▶ _What this task involves_:
Quote the listing below in its entirety, omitting every image.
=== Section Start ===
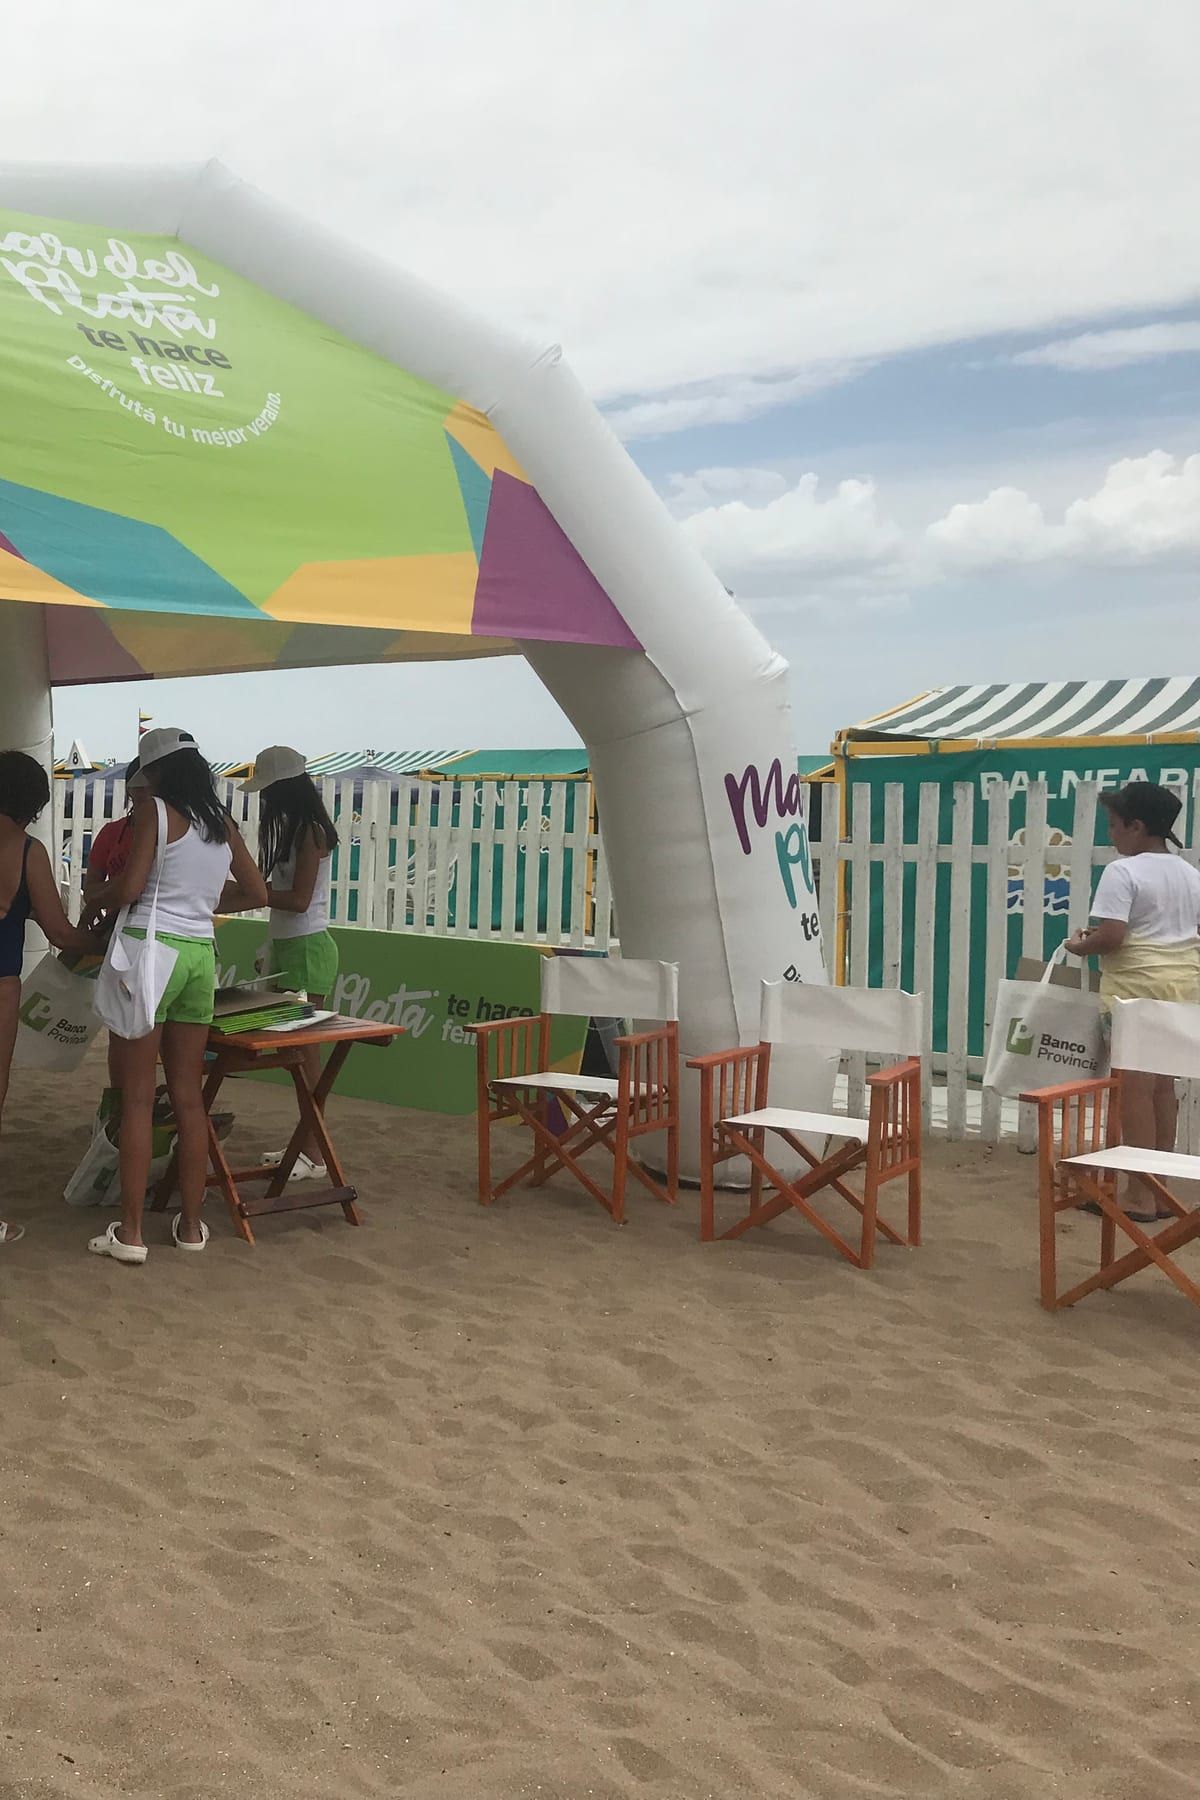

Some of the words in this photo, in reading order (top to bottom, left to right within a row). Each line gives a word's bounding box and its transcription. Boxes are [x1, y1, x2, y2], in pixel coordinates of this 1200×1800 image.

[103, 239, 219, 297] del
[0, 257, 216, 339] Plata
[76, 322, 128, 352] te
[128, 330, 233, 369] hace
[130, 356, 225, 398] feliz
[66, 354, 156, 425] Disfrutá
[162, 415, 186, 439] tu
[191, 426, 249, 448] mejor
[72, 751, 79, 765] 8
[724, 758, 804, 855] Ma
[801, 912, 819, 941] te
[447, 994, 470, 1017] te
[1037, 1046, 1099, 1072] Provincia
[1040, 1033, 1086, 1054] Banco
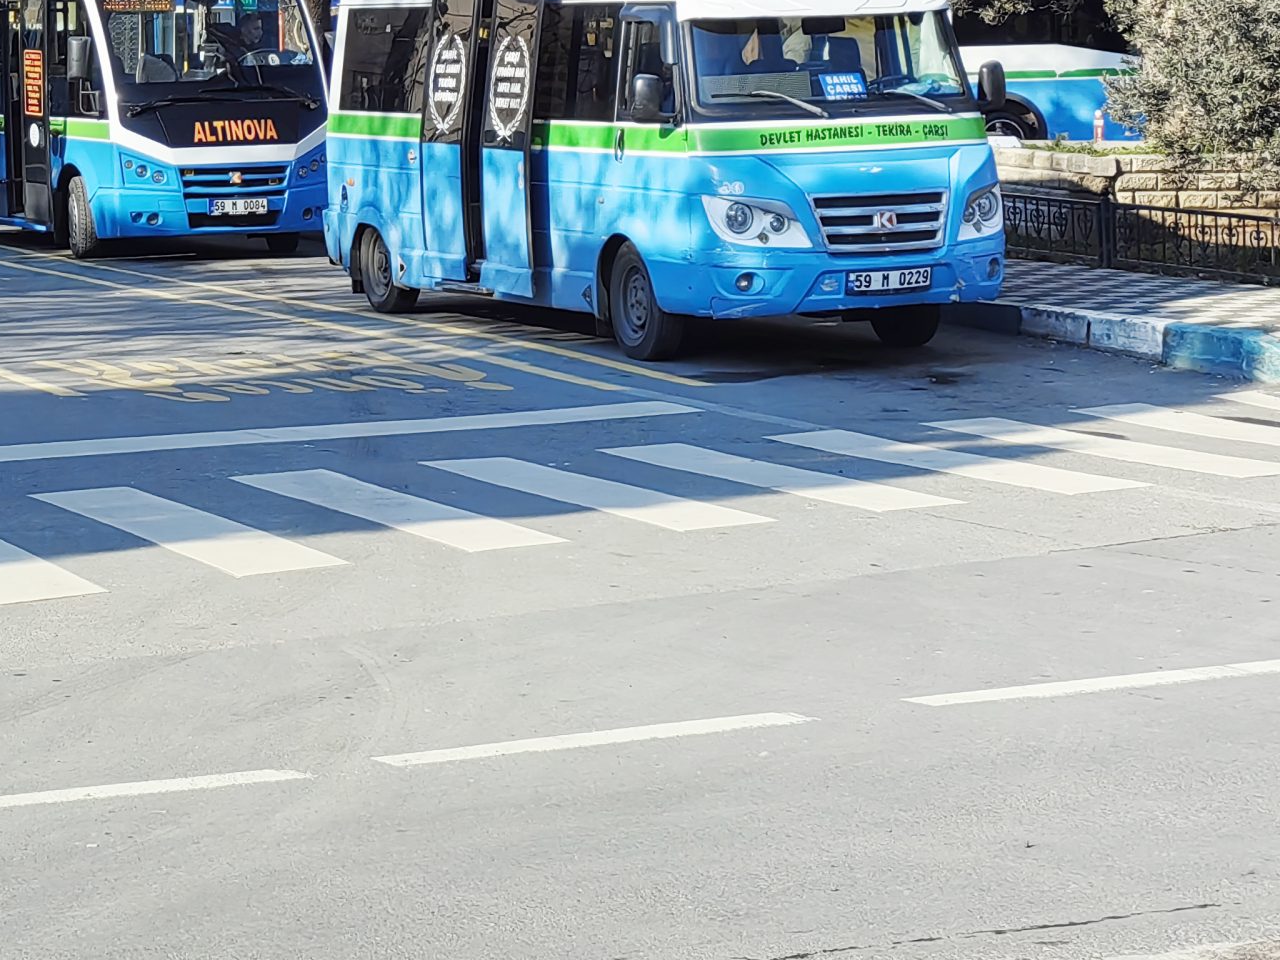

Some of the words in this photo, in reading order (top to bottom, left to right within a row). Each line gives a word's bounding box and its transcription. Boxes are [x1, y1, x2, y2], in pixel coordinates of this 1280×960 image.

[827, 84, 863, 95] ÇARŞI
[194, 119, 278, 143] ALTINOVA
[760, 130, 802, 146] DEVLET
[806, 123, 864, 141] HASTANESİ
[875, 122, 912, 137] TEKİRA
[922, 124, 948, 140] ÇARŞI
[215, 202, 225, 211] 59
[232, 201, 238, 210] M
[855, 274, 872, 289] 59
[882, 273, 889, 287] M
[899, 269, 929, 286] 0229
=== Section End ===
▶ _Response area_:
Some of the words in this photo, in reading order (top to bottom, left to right within a row). Each line gives a word's bounding box and its transcription. Boxes are [x1, y1, x2, y2], in pixel coordinates of this 1200×1800 image.

[103, 239, 219, 297] del
[0, 257, 216, 339] Plata
[76, 322, 128, 352] te
[128, 330, 233, 369] hace
[130, 356, 225, 398] feliz
[66, 354, 156, 425] Disfrutá
[162, 415, 186, 439] tu
[191, 426, 249, 448] mejor
[72, 751, 79, 765] 8
[724, 758, 804, 855] Ma
[801, 912, 819, 941] te
[447, 994, 470, 1017] te
[1037, 1046, 1099, 1072] Provincia
[1040, 1033, 1086, 1054] Banco

Some of the words in this photo, in reading order (top to bottom, left to right within a row). Each line gives a word's bounding box and its transcription. Boxes are [x1, y1, x2, y2], in pixel coordinates of this 1280×960 image.

[827, 84, 863, 95] ÇARŞI
[194, 119, 278, 143] ALTINOVA
[760, 130, 802, 146] DEVLET
[806, 123, 864, 141] HASTANESİ
[875, 122, 912, 137] TEKİRA
[922, 124, 948, 140] ÇARŞI
[215, 202, 225, 211] 59
[232, 201, 238, 210] M
[855, 274, 872, 289] 59
[882, 273, 889, 287] M
[899, 269, 929, 286] 0229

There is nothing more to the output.